Exercise:
Write out the records once more, exactly, and keep any image out.

Data extracts:
=== Begin Enclosure ===

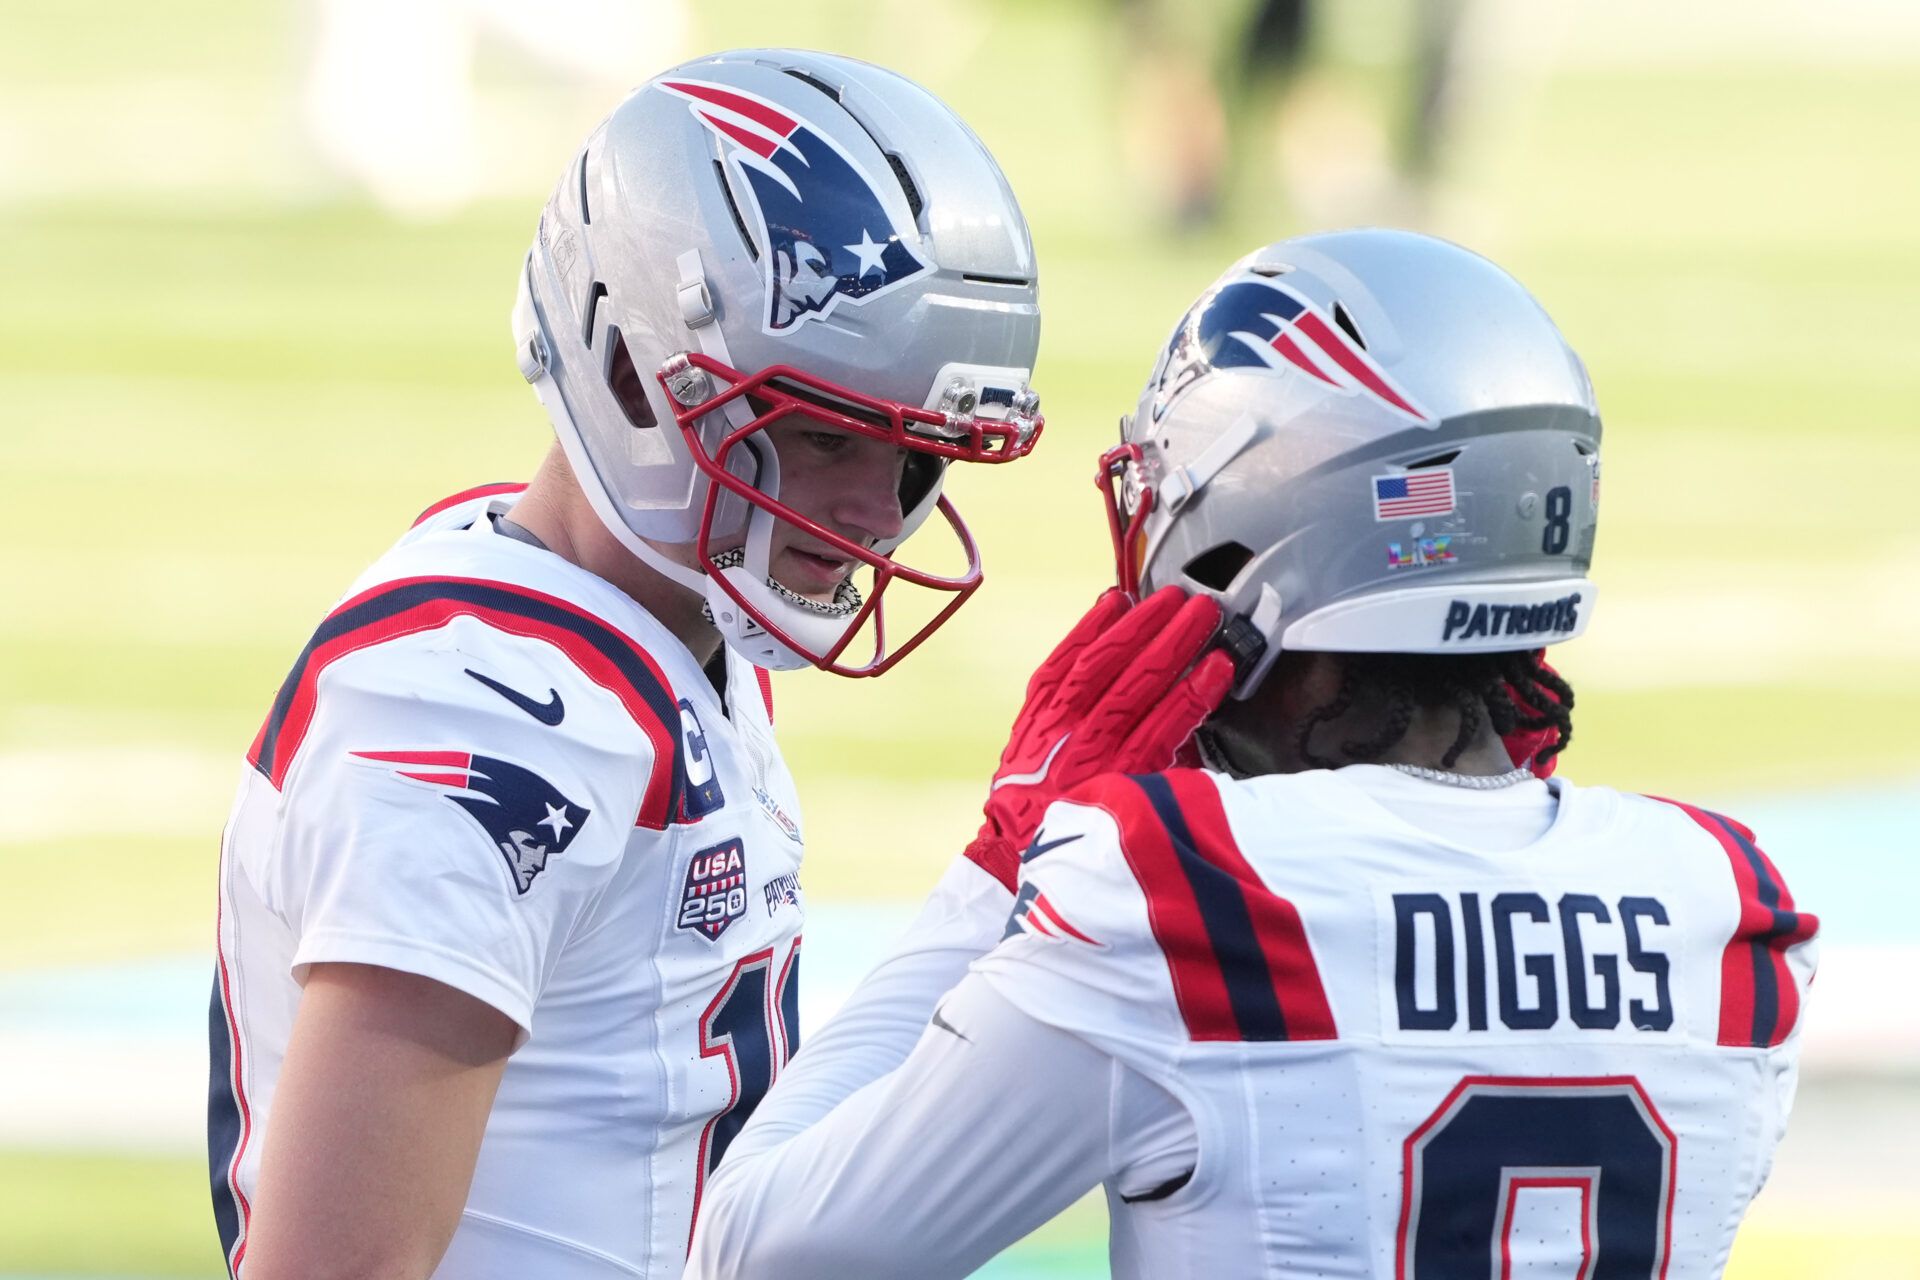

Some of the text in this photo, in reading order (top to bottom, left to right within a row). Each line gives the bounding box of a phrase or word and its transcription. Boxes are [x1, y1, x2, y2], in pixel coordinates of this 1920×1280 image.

[1541, 486, 1572, 556] 8
[1443, 592, 1582, 641] PATRIOTS
[680, 708, 713, 787] C
[692, 847, 742, 881] USA
[680, 887, 745, 926] 250
[1392, 892, 1674, 1033] DIGGS
[687, 934, 803, 1266] 1

=== End Enclosure ===

Output of the task:
Some of the text in this photo, in reading order (top to bottom, left to right within a row). Each line gives the bounding box of a phrase or word and its transcription. Boxes are [x1, y1, x2, y2], in pixel coordinates of this 1920×1280 image.

[1541, 486, 1572, 556] 8
[1443, 592, 1582, 641] PATRIOTS
[680, 708, 713, 787] C
[692, 847, 742, 881] USA
[680, 887, 745, 926] 250
[1392, 892, 1674, 1033] DIGGS
[687, 934, 803, 1266] 1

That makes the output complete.